*Task goal:*
Drop all images. Then write out each line below exactly as given.

*Given entries:*

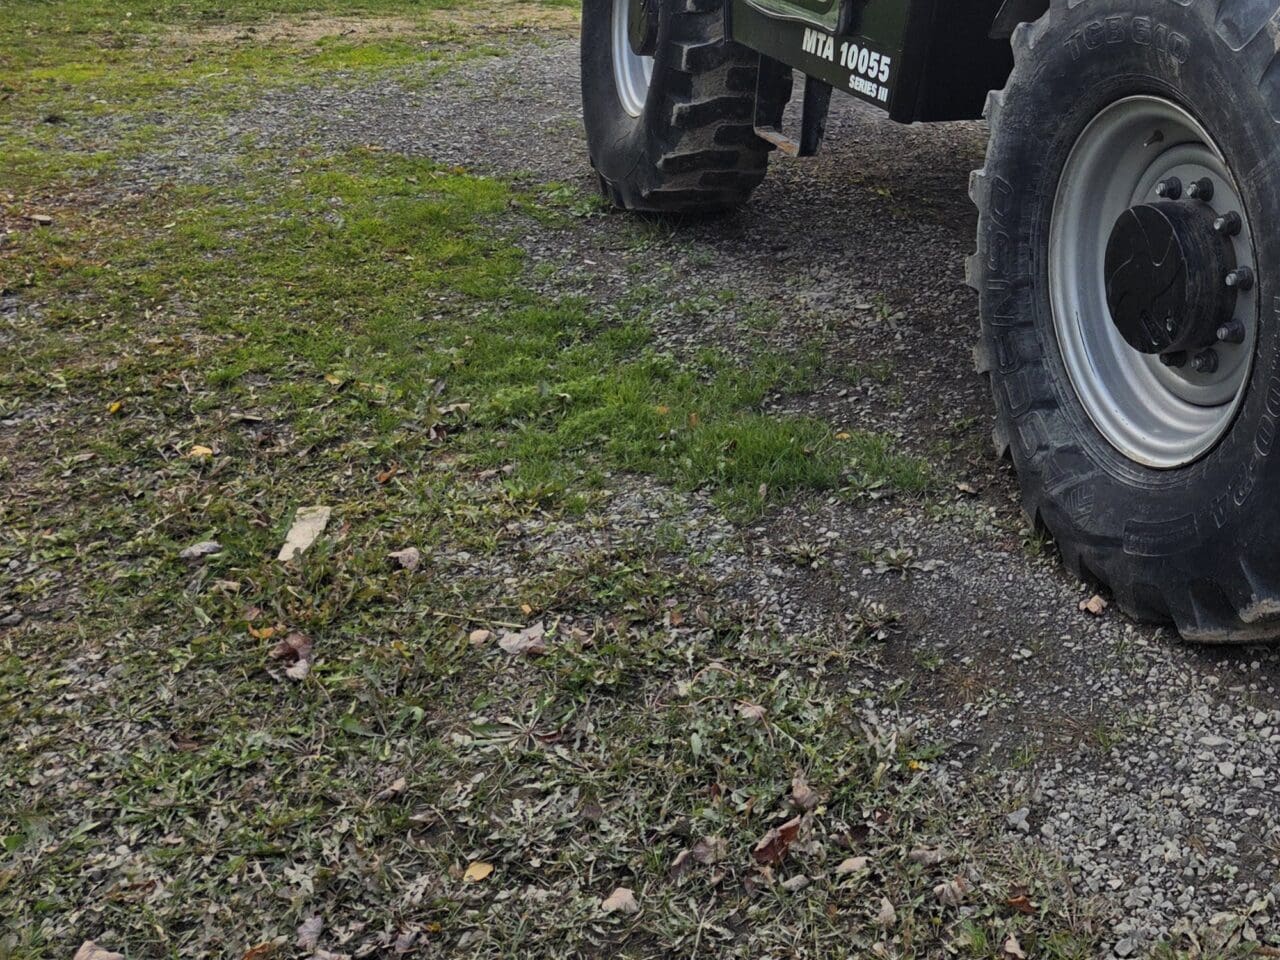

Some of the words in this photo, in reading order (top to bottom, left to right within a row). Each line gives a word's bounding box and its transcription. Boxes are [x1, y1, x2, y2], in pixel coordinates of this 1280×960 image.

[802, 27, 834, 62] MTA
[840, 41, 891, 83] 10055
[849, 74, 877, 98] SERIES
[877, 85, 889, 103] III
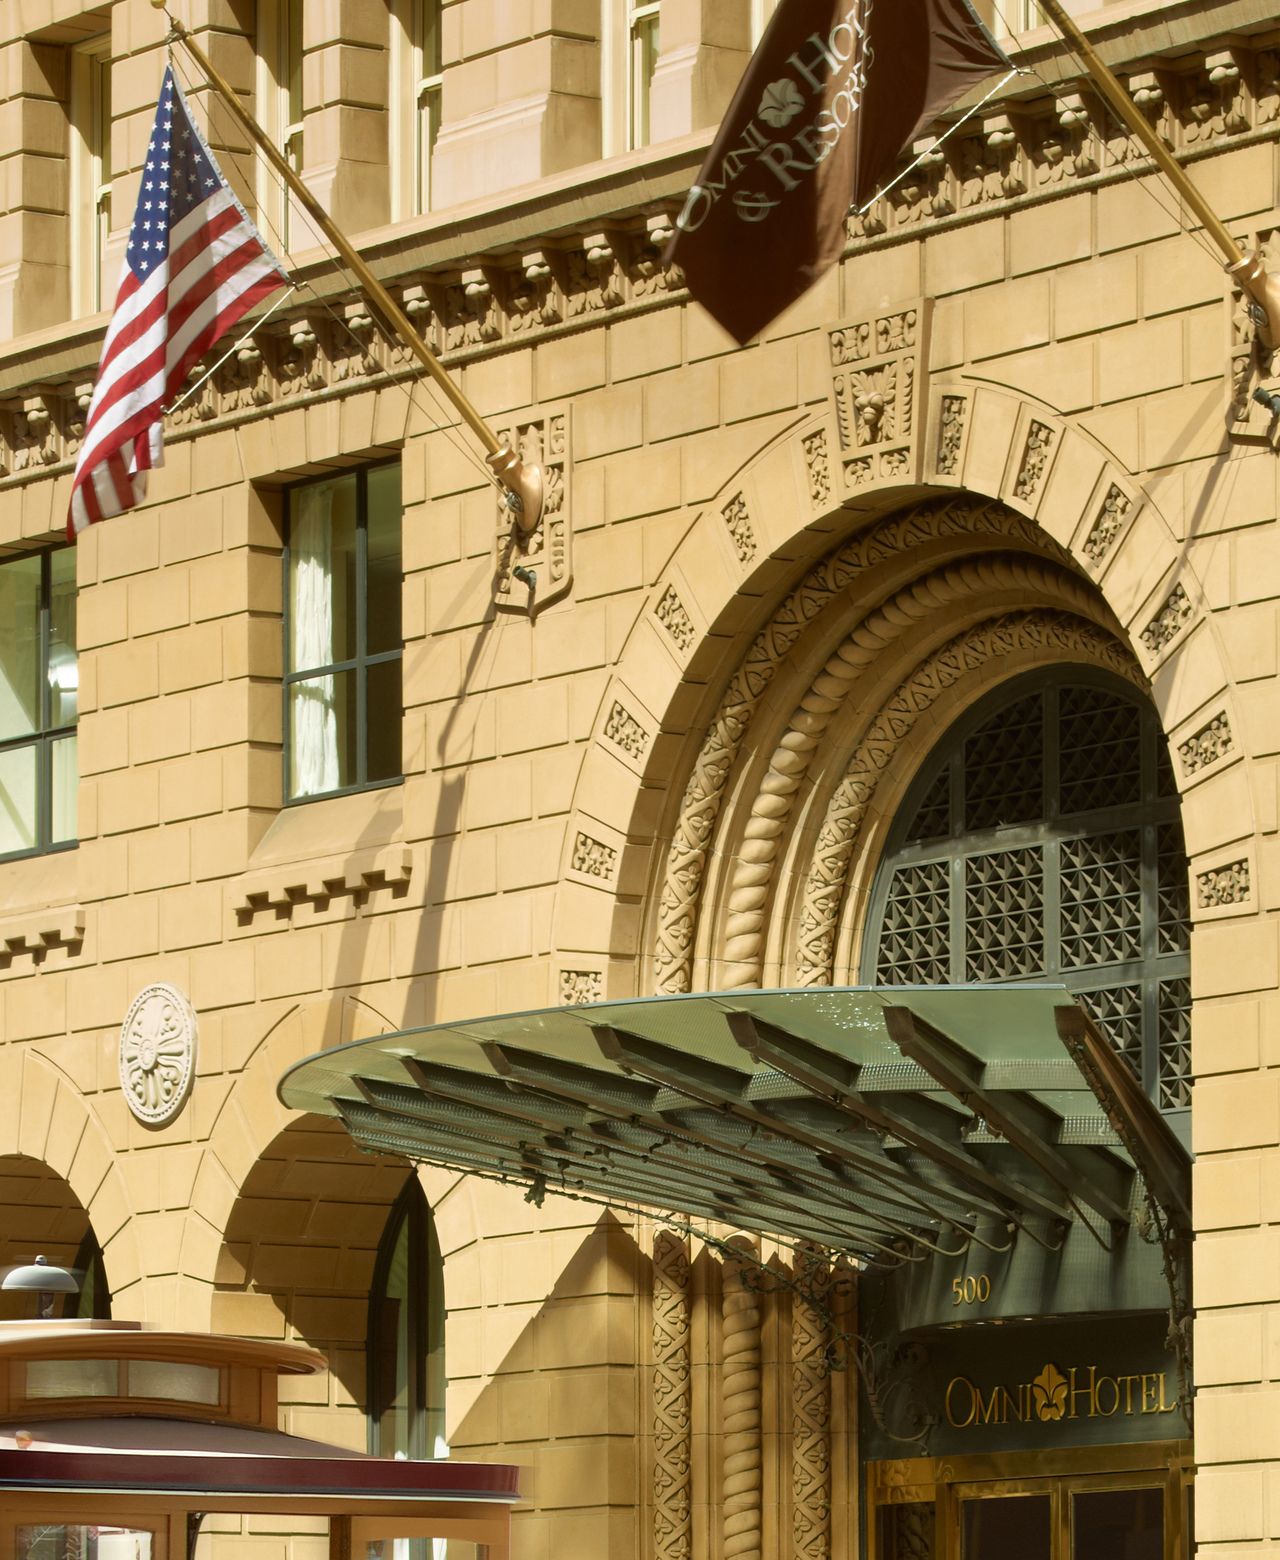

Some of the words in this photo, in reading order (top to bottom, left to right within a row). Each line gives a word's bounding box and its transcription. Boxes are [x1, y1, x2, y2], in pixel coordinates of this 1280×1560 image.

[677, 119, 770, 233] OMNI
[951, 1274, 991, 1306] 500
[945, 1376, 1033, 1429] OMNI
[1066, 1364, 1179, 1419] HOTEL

*Final answer:*
Some of the words in this photo, in reading order (top to bottom, left to right within a row). Each line gives a word's bounding box and its transcription. Boxes are [x1, y1, x2, y2], in pixel coordinates of this 1280×960 image.

[802, 27, 834, 62] MTA
[840, 41, 891, 83] 10055
[849, 74, 877, 98] SERIES
[877, 85, 889, 103] III

Some of the words in this photo, in reading order (top to bottom, left to right within a row). Each line gives a word's bounding box and its transcription. Boxes are [x1, y1, x2, y2], in pixel coordinates of this 1280×1560 image.

[677, 119, 770, 233] OMNI
[951, 1274, 991, 1306] 500
[945, 1376, 1033, 1429] OMNI
[1066, 1364, 1179, 1419] HOTEL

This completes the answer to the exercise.